• _Provided data_

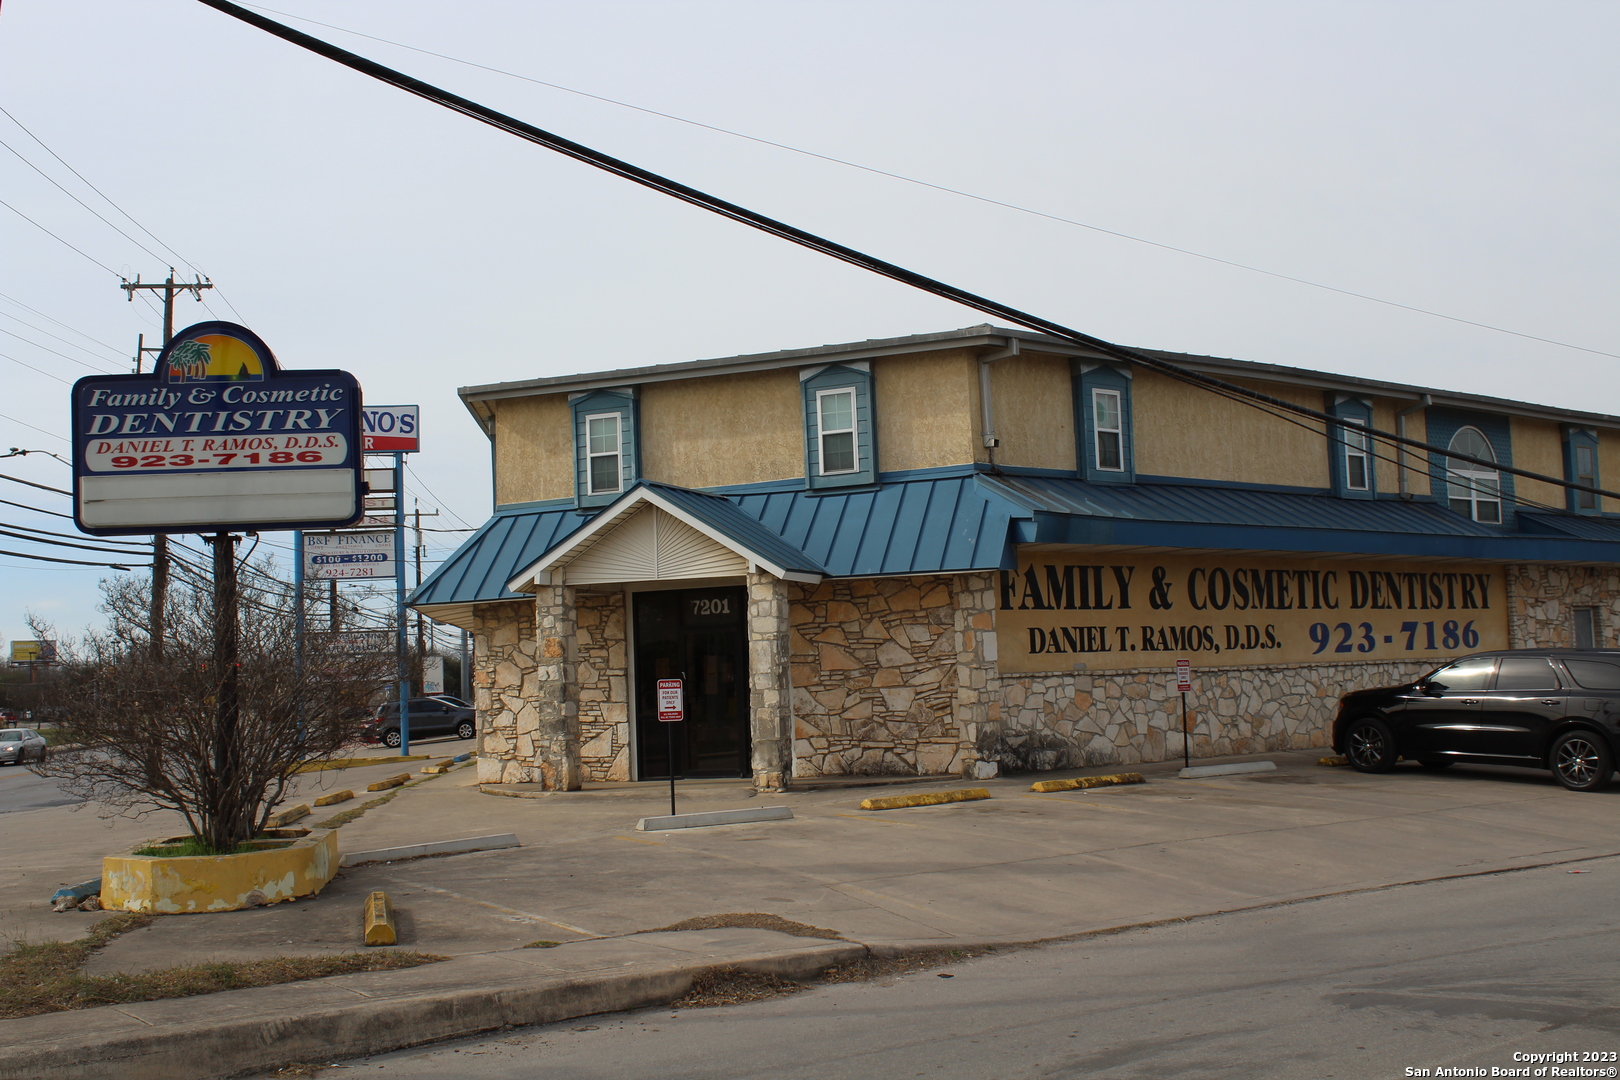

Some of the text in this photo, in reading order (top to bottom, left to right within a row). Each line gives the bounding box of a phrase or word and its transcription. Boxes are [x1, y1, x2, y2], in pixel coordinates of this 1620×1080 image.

[88, 383, 344, 410] Family & Cosmetic
[85, 408, 345, 436] DENTISTRY
[96, 435, 339, 455] DANIEL T. RAMOS, D.D.S.
[111, 450, 323, 468] 923-7186
[308, 534, 391, 546] B&F FINANCE
[316, 556, 341, 564] $100
[352, 554, 383, 562] $1200
[325, 567, 374, 577] 924-7281
[999, 563, 1491, 611] FAMILY & COSMETIC DENTISTRY
[690, 598, 730, 615] 7201
[1027, 624, 1282, 654] DANIEL T. RAMOS, D.D.S.
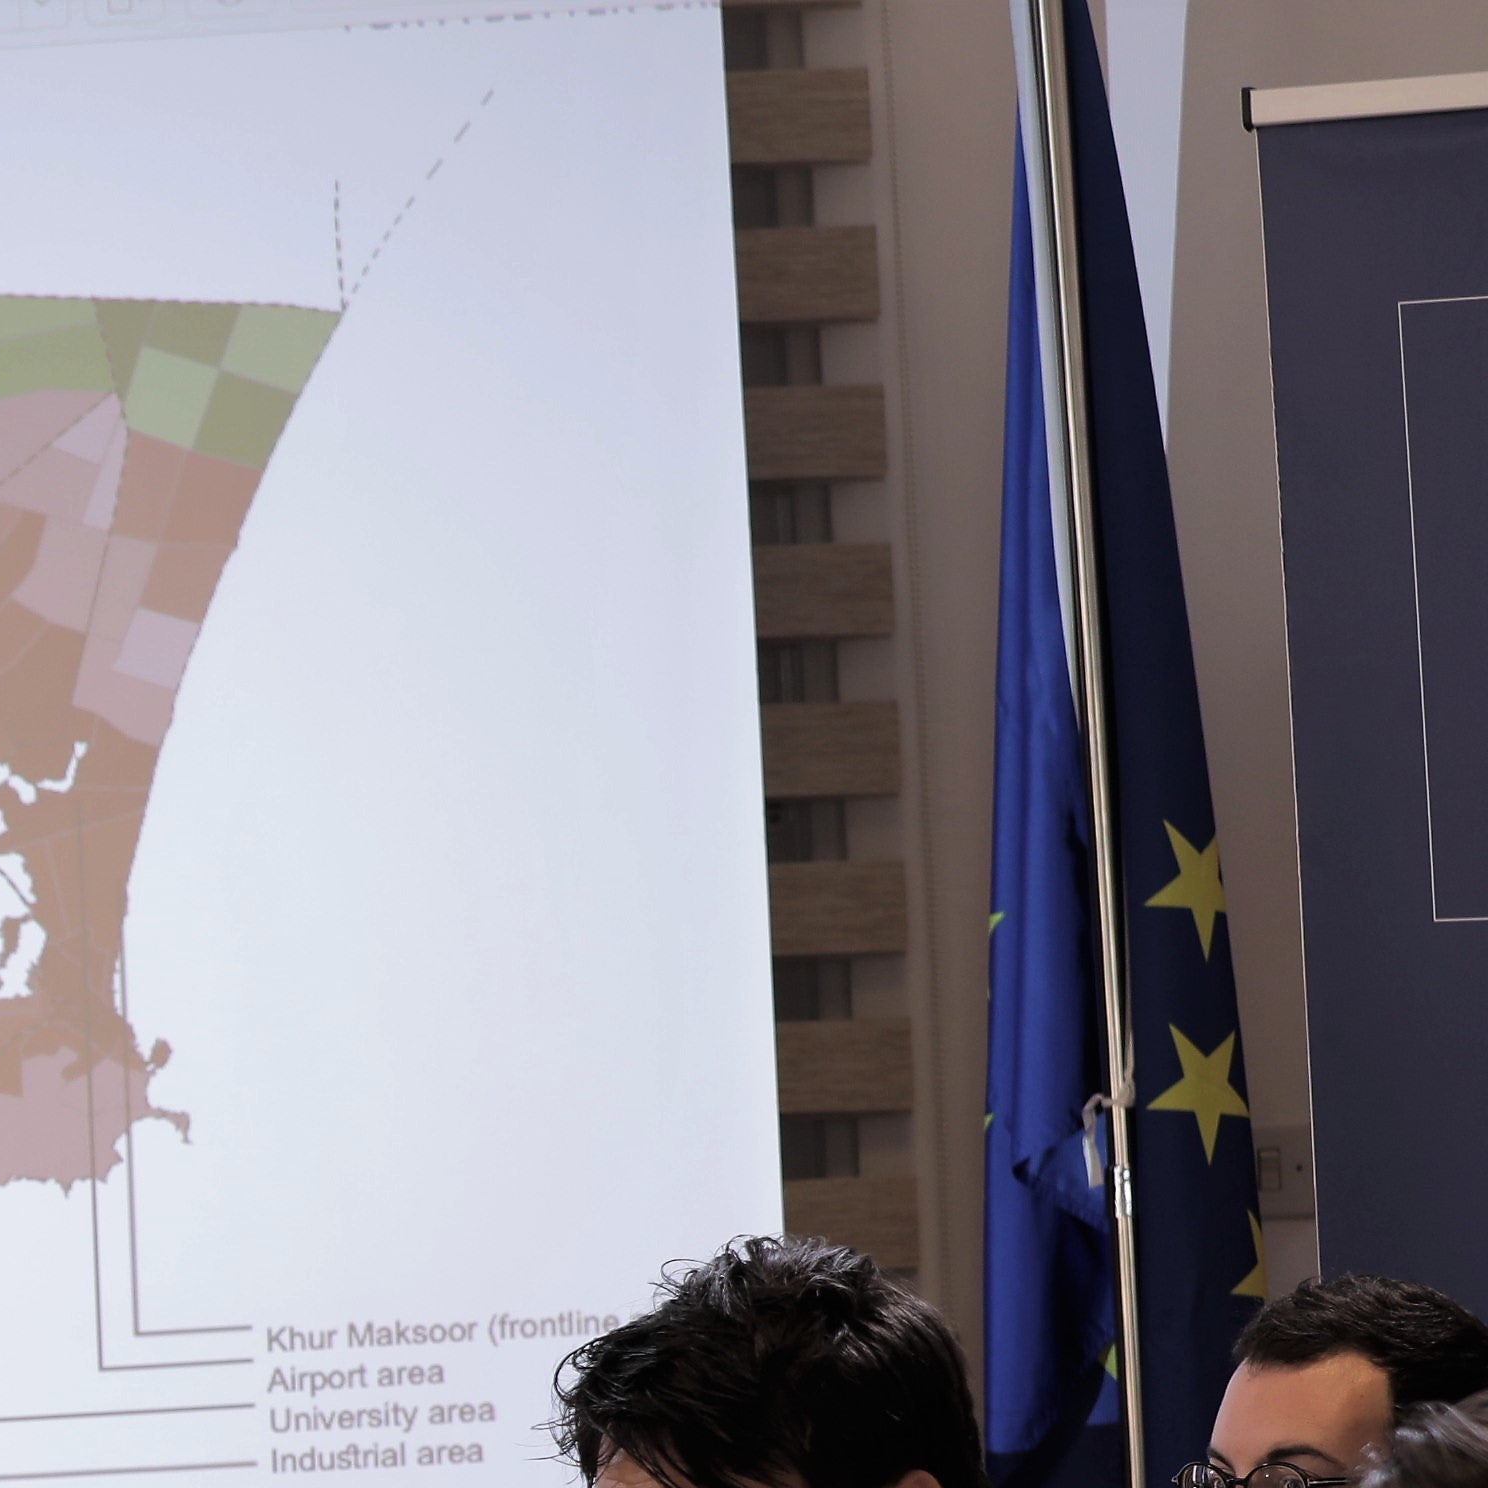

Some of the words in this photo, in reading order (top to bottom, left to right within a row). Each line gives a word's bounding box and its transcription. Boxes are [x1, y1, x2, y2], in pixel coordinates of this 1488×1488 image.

[266, 1323, 339, 1354] Khur
[347, 1317, 480, 1349] Maksoor
[487, 1309, 621, 1348] (frontline
[266, 1362, 369, 1399] Airport
[376, 1362, 445, 1388] area
[268, 1401, 420, 1435] University
[428, 1399, 497, 1424] area
[270, 1440, 407, 1475] Industrial
[416, 1440, 485, 1466] area
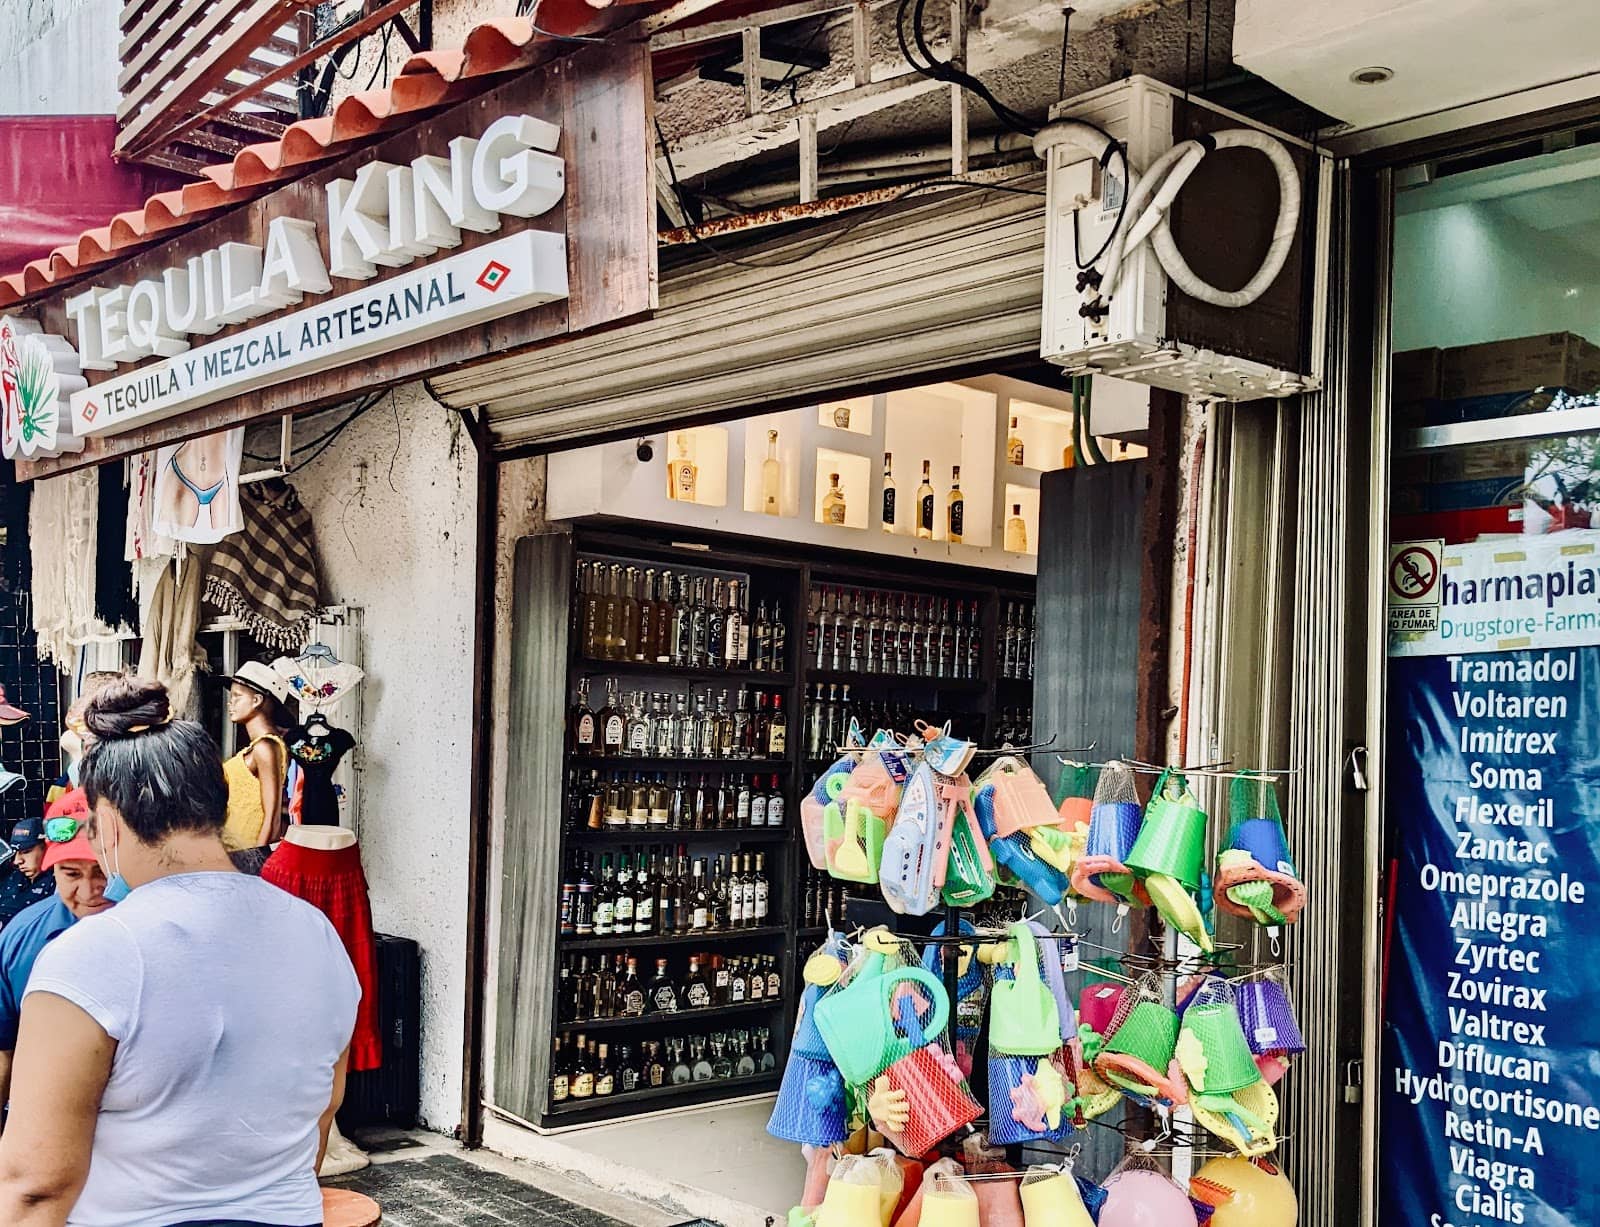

• _Exercise instructions_
Print the listing again exactly as it appears, except for the pictures, which stay out.

• _Reply_
Some of the text in this photo, in reading order (top to bottom, left to right within a row). Each line gives the bounding box of a phrase or word and its transcription. Boxes are [x1, y1, x2, y2], in pixel coordinates of this 1620×1080 image.

[88, 383, 344, 410] Family & Cosmetic
[85, 408, 345, 436] DENTISTRY
[96, 435, 339, 455] DANIEL T. RAMOS, D.D.S.
[111, 450, 323, 468] 923-7186
[308, 534, 391, 546] B&F FINANCE
[316, 556, 341, 564] $100
[352, 554, 383, 562] $1200
[325, 567, 374, 577] 924-7281
[999, 563, 1491, 611] FAMILY & COSMETIC DENTISTRY
[690, 598, 730, 615] 7201
[1027, 624, 1282, 654] DANIEL T. RAMOS, D.D.S.

Some of the words in this photo, in reading order (top to bottom, left to right within a row). Each line gives a word's bounding box and its transcription. Boxes are [x1, y1, x2, y2], in pixel coordinates of this 1488×1488 image.

[266, 1323, 339, 1354] Khur
[347, 1317, 480, 1349] Maksoor
[487, 1309, 621, 1348] (frontline
[266, 1362, 369, 1399] Airport
[376, 1362, 445, 1388] area
[268, 1401, 420, 1435] University
[428, 1399, 497, 1424] area
[270, 1440, 407, 1475] Industrial
[416, 1440, 485, 1466] area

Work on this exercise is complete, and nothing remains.